What you should do – Scan the records for the line containing "Some of the words"; extract it and all later lines, verbatim, through the end, and nothing before it.

(Entries taken from a collection)
= = =
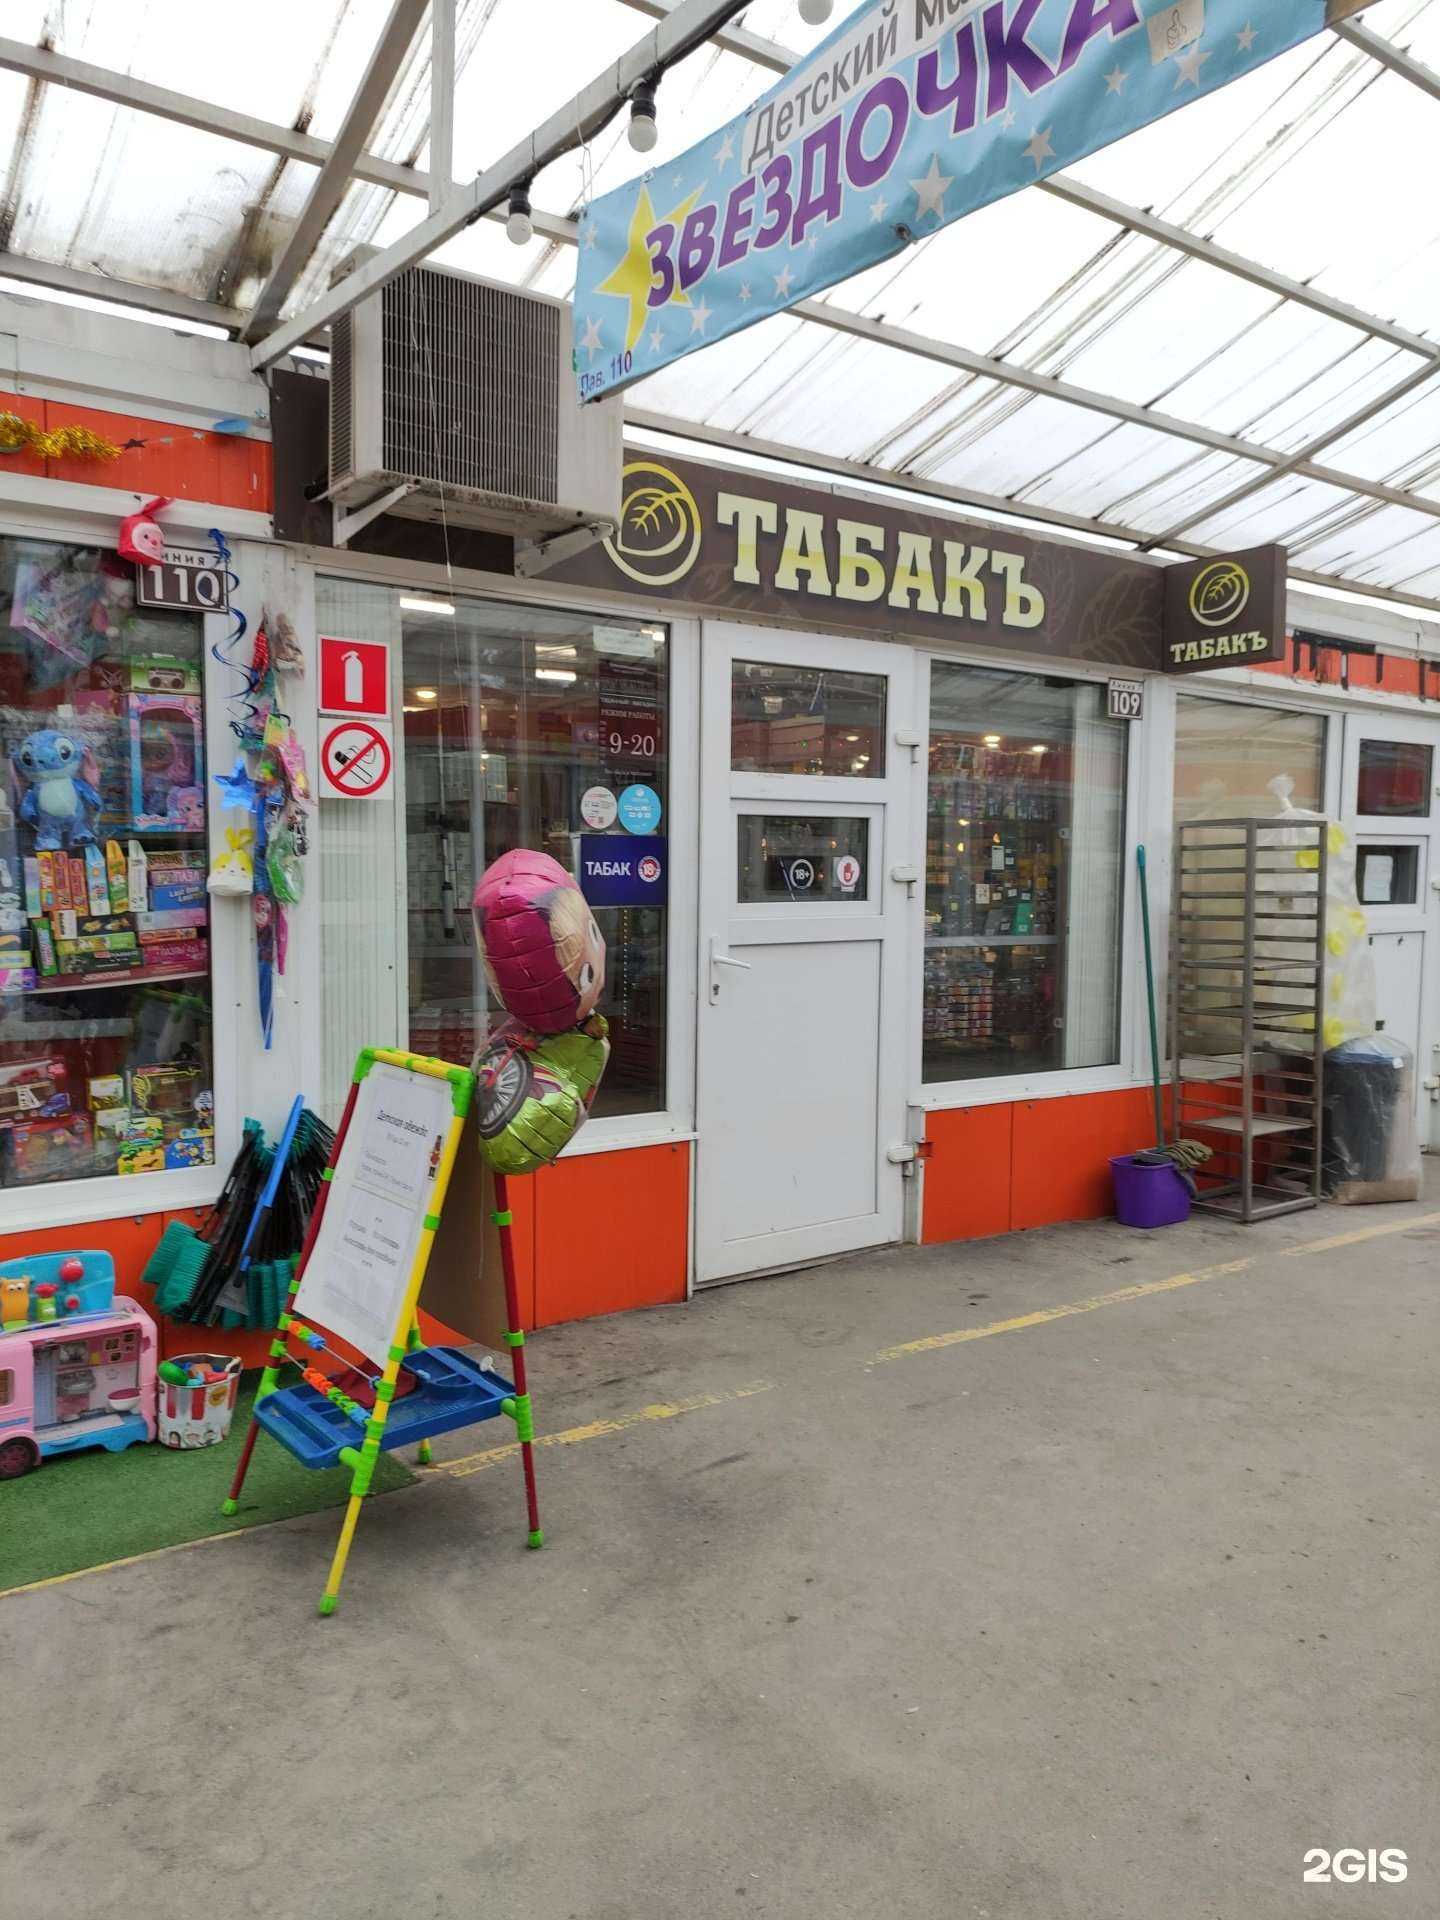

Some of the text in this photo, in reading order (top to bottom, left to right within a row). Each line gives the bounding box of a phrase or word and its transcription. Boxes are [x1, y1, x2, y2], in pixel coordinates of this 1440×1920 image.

[748, 0, 898, 174] Детский
[645, 0, 1140, 307] ЗВЕЗДОЧКА
[610, 350, 632, 380] 110
[716, 492, 1046, 629] ТАБАКЪ
[148, 564, 220, 606] 110
[1169, 629, 1268, 664] ТАБАКЪ
[1112, 691, 1140, 715] 109
[609, 732, 655, 756] 9-20
[584, 861, 631, 876] ТАБАК
[795, 868, 810, 880] 18+
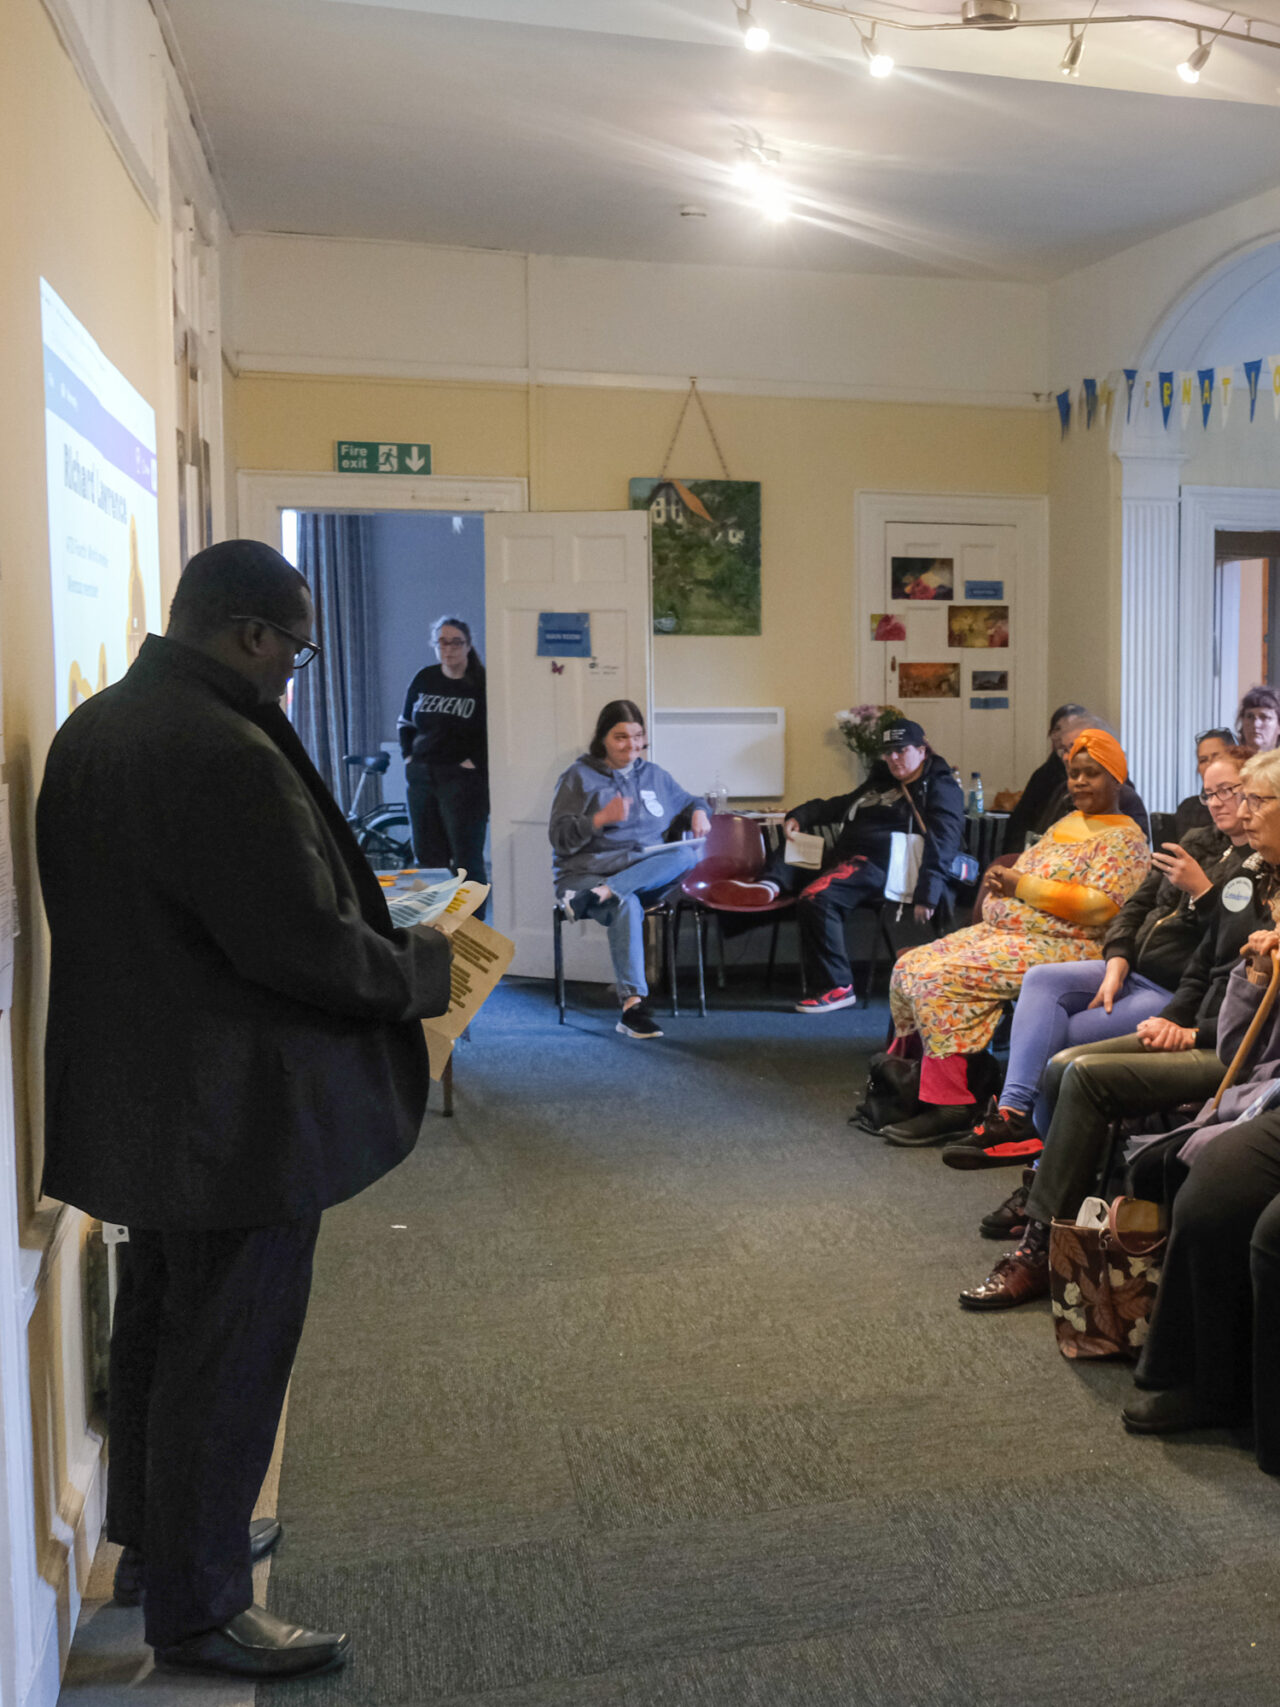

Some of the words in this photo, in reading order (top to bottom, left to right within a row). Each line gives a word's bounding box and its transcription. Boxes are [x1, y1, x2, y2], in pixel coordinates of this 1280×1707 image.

[340, 444, 368, 457] Fire
[341, 457, 368, 469] exit
[413, 692, 476, 719] WEEKEND
= = =
Written solution –
Some of the words in this photo, in reading order (top to bottom, left to right within a row). Each line gives a word's bounding box and its transcription. Boxes are [x1, y1, x2, y2], in pixel coordinates of this 1280×1707 image.

[340, 444, 368, 457] Fire
[341, 457, 368, 469] exit
[413, 692, 476, 719] WEEKEND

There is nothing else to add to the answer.